The Hungarian budget posted a HUF 876bn deficit last month, the second-worst November figure of the last 20 years. December data will be crucial in achieving the full-year cash flow-based deficit target of HUF 3,152.7bn. At the end of November, the cash flow-based budget balance showed a HUF 3,466.4bn deficit. That means a surplus of HUF 313.7bn is needed in December for the budget to remain in line with the full-year target.

Cash flow-based year-to-date budget balance

Source: Ministry of Finance, ING
Ministry of Finance, ING

A December surplus is not implausible, since the monthly evolution of the 2022 budget profile resembles that of 2018’s (see the chart above). Back then, the general government’s balance closed the year with a surplus of HUF 397.3bn, eclipsing this year’s HUF 313.7bn surplus need.
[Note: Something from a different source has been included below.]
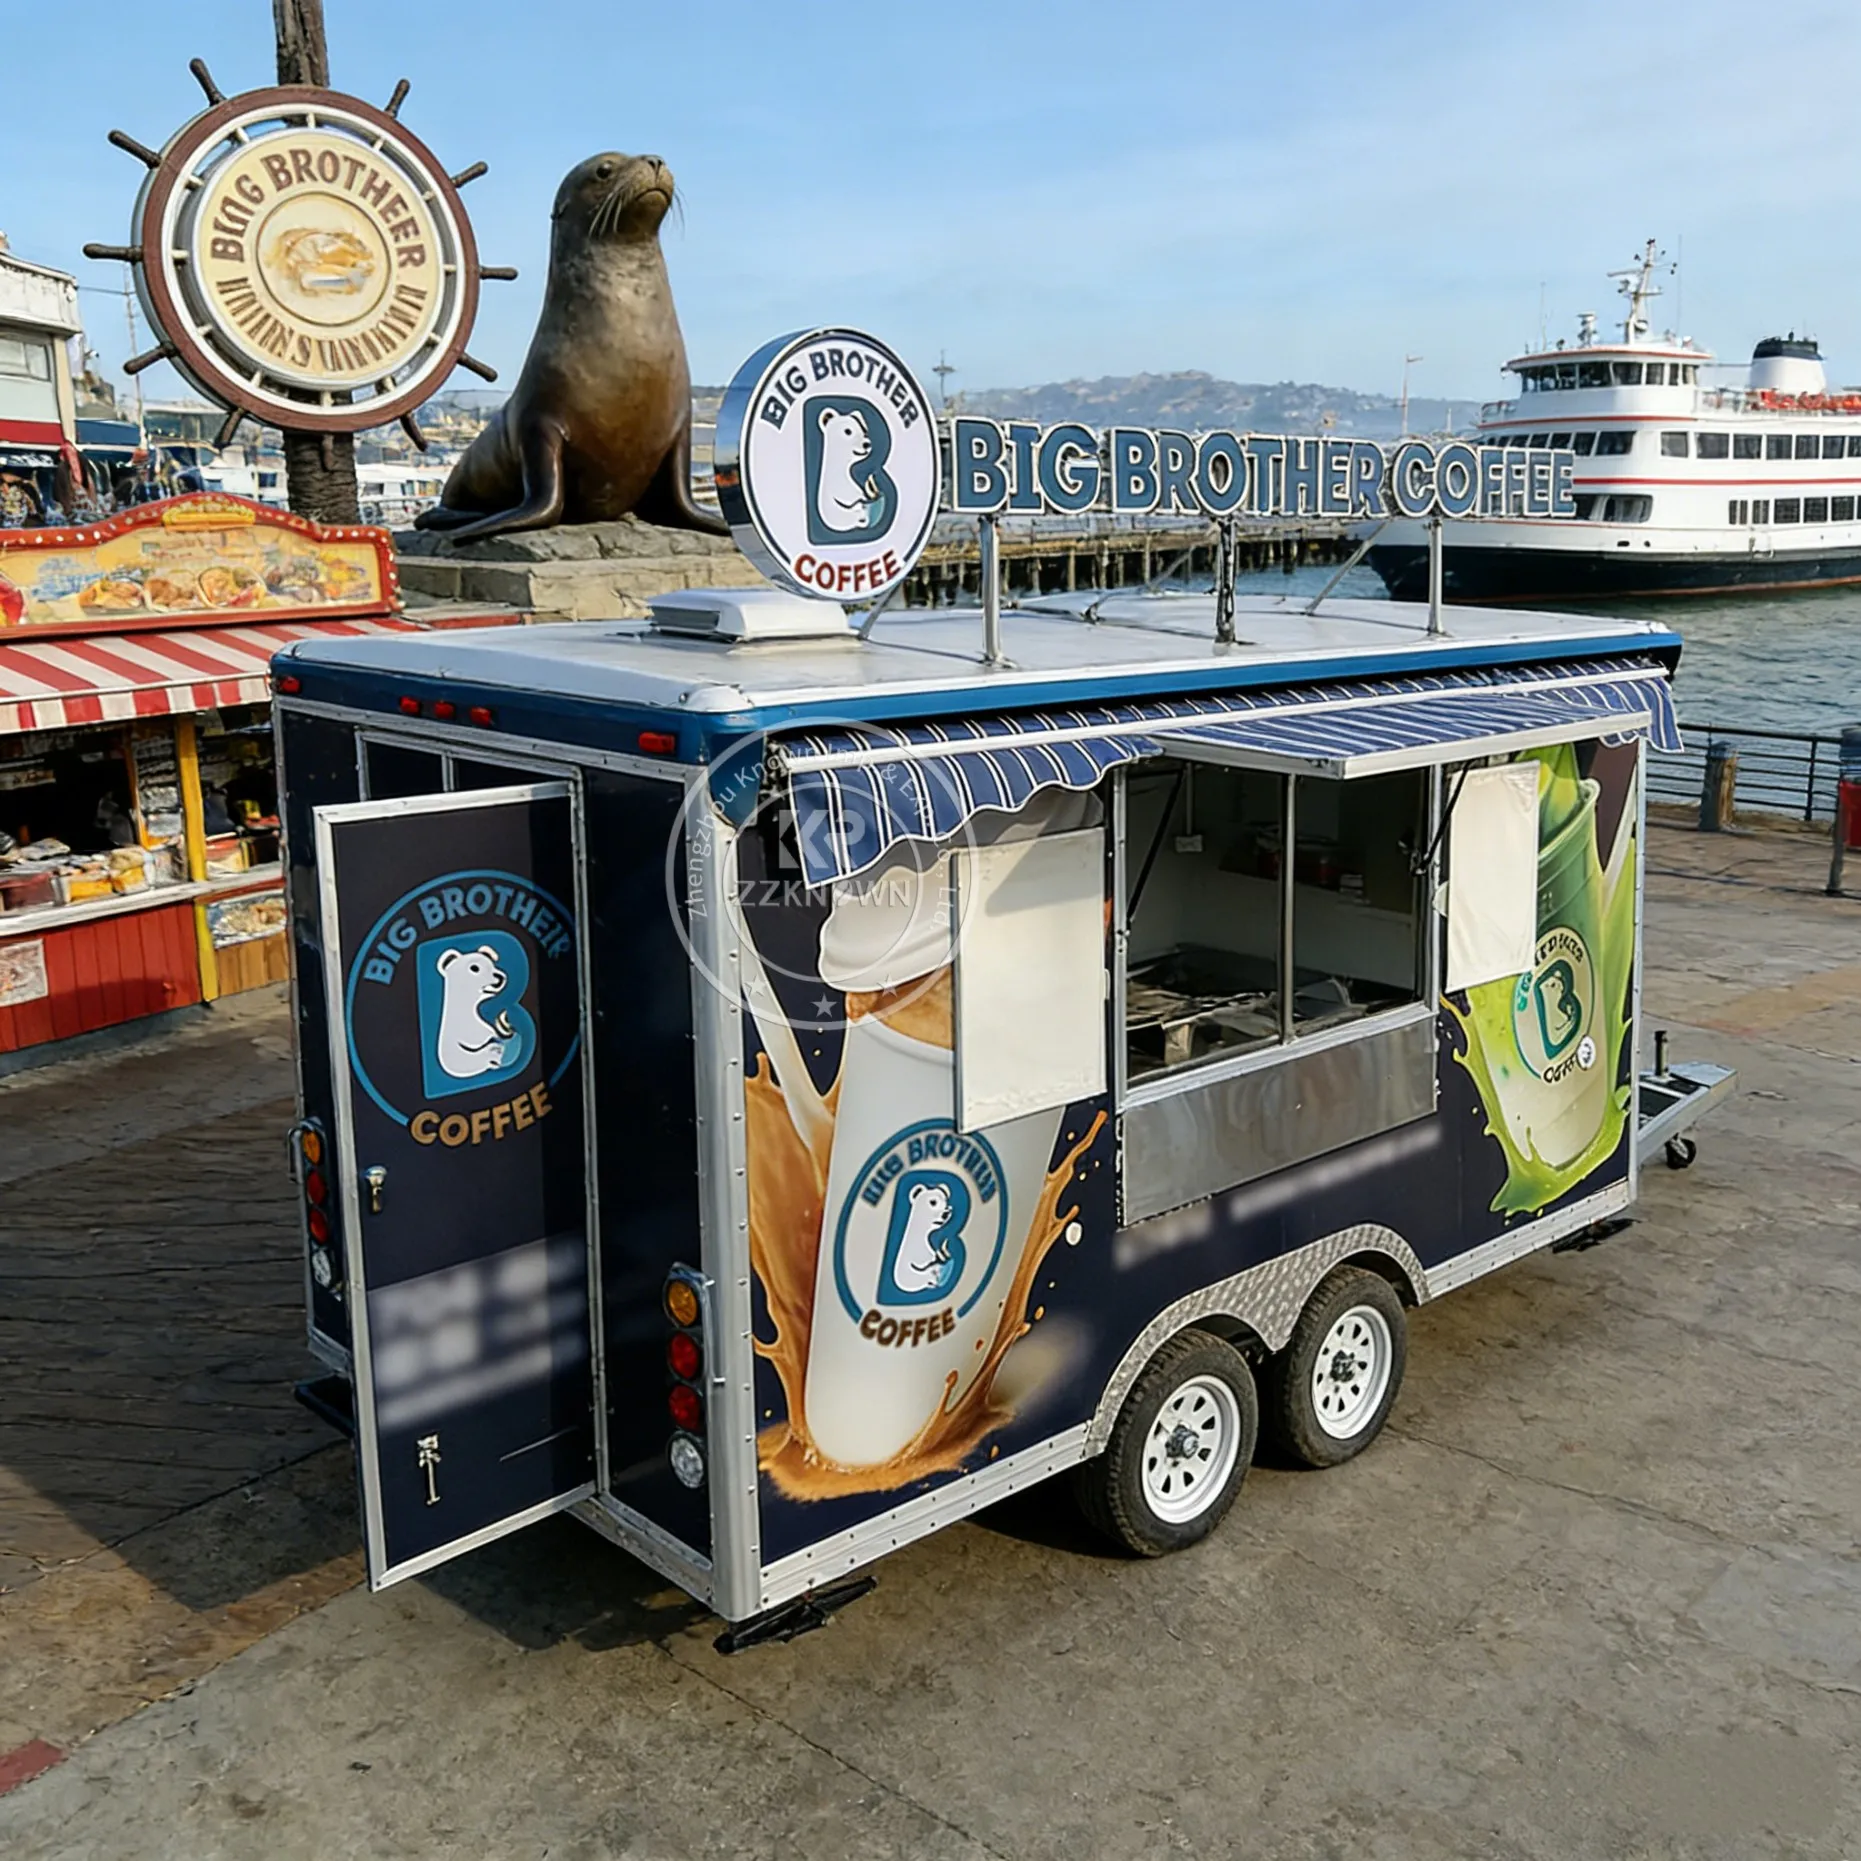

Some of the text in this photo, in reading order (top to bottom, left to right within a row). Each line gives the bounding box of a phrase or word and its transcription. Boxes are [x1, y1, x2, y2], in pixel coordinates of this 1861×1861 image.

However, in case a negative surprise arises regarding the year-end monthly budget data, the accrual-based (Maastricht-based) 6.1% deficit-to-GDP target will be met due to high nominal GDP growth.

Spillover effects from October’s expenditure freeze

In late September, the government mandated a general "expenditure freeze” which lasted until the end of October. According to the Ministry of Finance, the temporary freeze alleviated some pressure on the October budget, but the invoices falling into that “frozen” category were eventually paid in November. This postponed expenditure amounts to HUF 300bn. Another significant item on the expenditure side was the 4.5% mandatory pension adjustment which totalled HUF 217bn, supplemented with pension top-ups linked to economic growth equalling HUF 23.5bn. Together, these items are responsible for 62% of the budget shortfall in November.

Recent windfall tax increase will certainly help the budget

Yesterday, the government announced an increase in the windfall tax levied on petroleum producers (targeting MOL, the Hungarian oil company) from 40% to 95%, which came into effect just after the fuel price cap was lifted. This windfall tax is applied to the revenue of petroleum producers that are directly derived from the spread between Ural and brent crude oils. Oil refining companies can purchase cheap Ural-type crude oil, refine it and sell for higher prices, hence the circa $25 spread per barrel that is taxed at an extraordinary 95% rate. Besides the increase in the windfall tax, rising inflation will play a huge role in navigating the year-end budget close to the deficit target. At the moment, there is no sign of easing inflationary pressures and by all means the inflation rate will further rise in December, boosting revenues from VAT.

Our view remains intact that fiscal consolidation will continue in 2023 via limited investment spending and temporary windfall tax revenues. However, meeting the original 3.5% deficit-to-GDP target next year (set in the summer of 2022) will be quite tricky. The severely dampened economic outlook compared to the summer macro outlook might provide some extra hurdles. The government will reveal the amended budget in late December where we still see the government keeping the original 3.5% deficit target, but probably deciding on some measures on both the revenue and expenditure sides.